Vista de la marisma de Doñana por la Vereda de Sanlúcar esta semana.
Huelva
El verano «excepcional» de Doñana: casi la mitad de la marisma está inundada
Las copiosas y tardías lluvias de invierno y primavera dejan una inundación poco frecuente en estas fechas
Hacía mucho tiempo que la Marisma de Doñana no presentaba un aspecto como el de este año. Mucho tiempo. Los años de sequía han golpeado fuerte a este espacio natural ubicado en el Parque Nacional del mismo nombre. Pero 2025 ha traído un 'rejuvenecimiento' para Doñana, y además lo ha hecho desde el primer minuto.
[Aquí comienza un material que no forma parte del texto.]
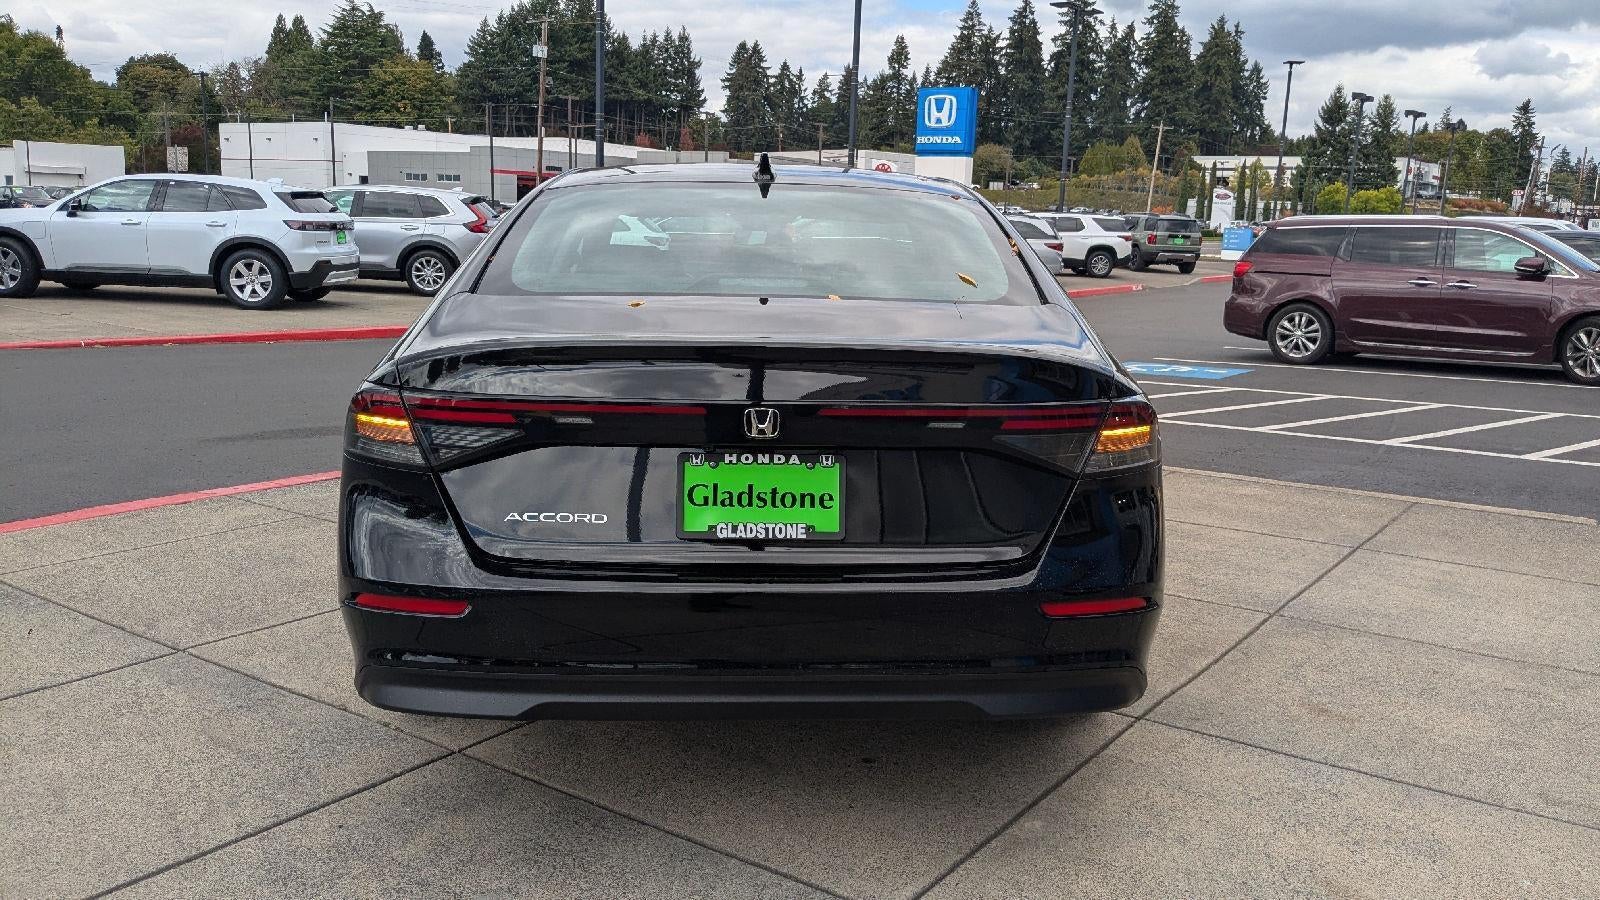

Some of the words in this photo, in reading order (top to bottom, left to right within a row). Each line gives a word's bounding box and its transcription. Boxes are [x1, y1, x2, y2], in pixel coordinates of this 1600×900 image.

[916, 136, 962, 144] HONDA
[724, 453, 801, 465] HONDA
[686, 482, 835, 510] Gladstone
[503, 512, 608, 524] ACCORD
[716, 522, 807, 539] GLADSTONE
Ya en enero las marismas ofrecían un aspecto que no se veía desde 2015, según confesaban desde el propio Espacio Natural de Doñana. Se debía, sin duda, a la cantidad de lluvia caída en ese primer mes de año, una cantidad que no se registraba desde hacía una década. Pero es que la primavera no le ha ido a la zaga al invierno: ha llovido con ganas en toda Andalucía y también, claro está, sobre los humedales de Huelva.
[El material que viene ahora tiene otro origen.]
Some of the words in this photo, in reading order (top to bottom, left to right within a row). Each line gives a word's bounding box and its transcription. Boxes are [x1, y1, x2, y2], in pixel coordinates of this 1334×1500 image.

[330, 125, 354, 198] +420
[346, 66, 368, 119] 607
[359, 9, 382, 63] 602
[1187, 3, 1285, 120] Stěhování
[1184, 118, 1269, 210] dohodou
Así, y a pesar de la reciente ola de calor y la falta de lluvia de los últimos dos meses, Doñana presenta un aspecto saludable, «excepcional» para esta época del año, según palabras de la Estación Biológica. En concreto, el Espacio Natural comienza la temporada con unas 16.000 hectáreas de marisma inundadas, lo que supone casi la mitad de su extensión. Concretamente, un 47 % del total.
Casi al 100 % en marzo
En un comunicado, la Estación Biológica de Doñana (EBD-CSIC), recuerda que el 19 de marzo las marismas alcanzaron su máximo de inundación durante el ciclo, con algo más de 33.000 hectáreas inundadas, un 97,4 % de su capacidad. La persistencia de las lluvias ha hecho que se llegue al verano con buenos datos de inundación, «más allá de lo normal». «La mayor parte de las precipitaciones han sido tardías, a finales de invierno y principios de la primavera. Estas lluvias tardías han provocado que el aporte de agua procedente de los arroyos vertientes a la marisma haya sido constante hasta fechas muy recientes», explican desde la Estación Biológica.
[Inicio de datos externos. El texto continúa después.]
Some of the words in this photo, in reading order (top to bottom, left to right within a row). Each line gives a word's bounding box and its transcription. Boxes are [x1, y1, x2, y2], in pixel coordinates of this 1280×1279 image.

Las marismas se siguen beneficiando de las acumulaciones en toda la cuenca del Guadalquivir y, además, el incremento del nivel del mar durante las mareas vivas de primavera dificulta un desagüe rápido. Esta buena salud de Doñana redunda en beneficio de las aves acuáticas que eligen este enclave para su reproducción. Por contra, una prolongación de la fase de inundación puede favorecer la proliferación de especies invasoras, como es el caso del helecho acuático Azolla o de numerosas especies de peces exóticos, así como de cianobacterias, advierten desde la Estación.
Las lagunas, más vacías
Otro 'punto negro' en la excepcional inundación de Doñana es que no se está dando por igual en todos los ecosistemas. Las lagunas temporales presentan un estado menos favorable, al depender del acuífero subterráneo, que se recarga lentamente a medida que el agua de las lluvias se infiltra en el suelo. El máximo número de lagunas inundadas se registró durante el pico de inundación en marzo, con 220 detectadas sobre un máximo potencial de aproximadamente 400 identificables mediante el análisis de imágenes satélites, añaden desde EBD.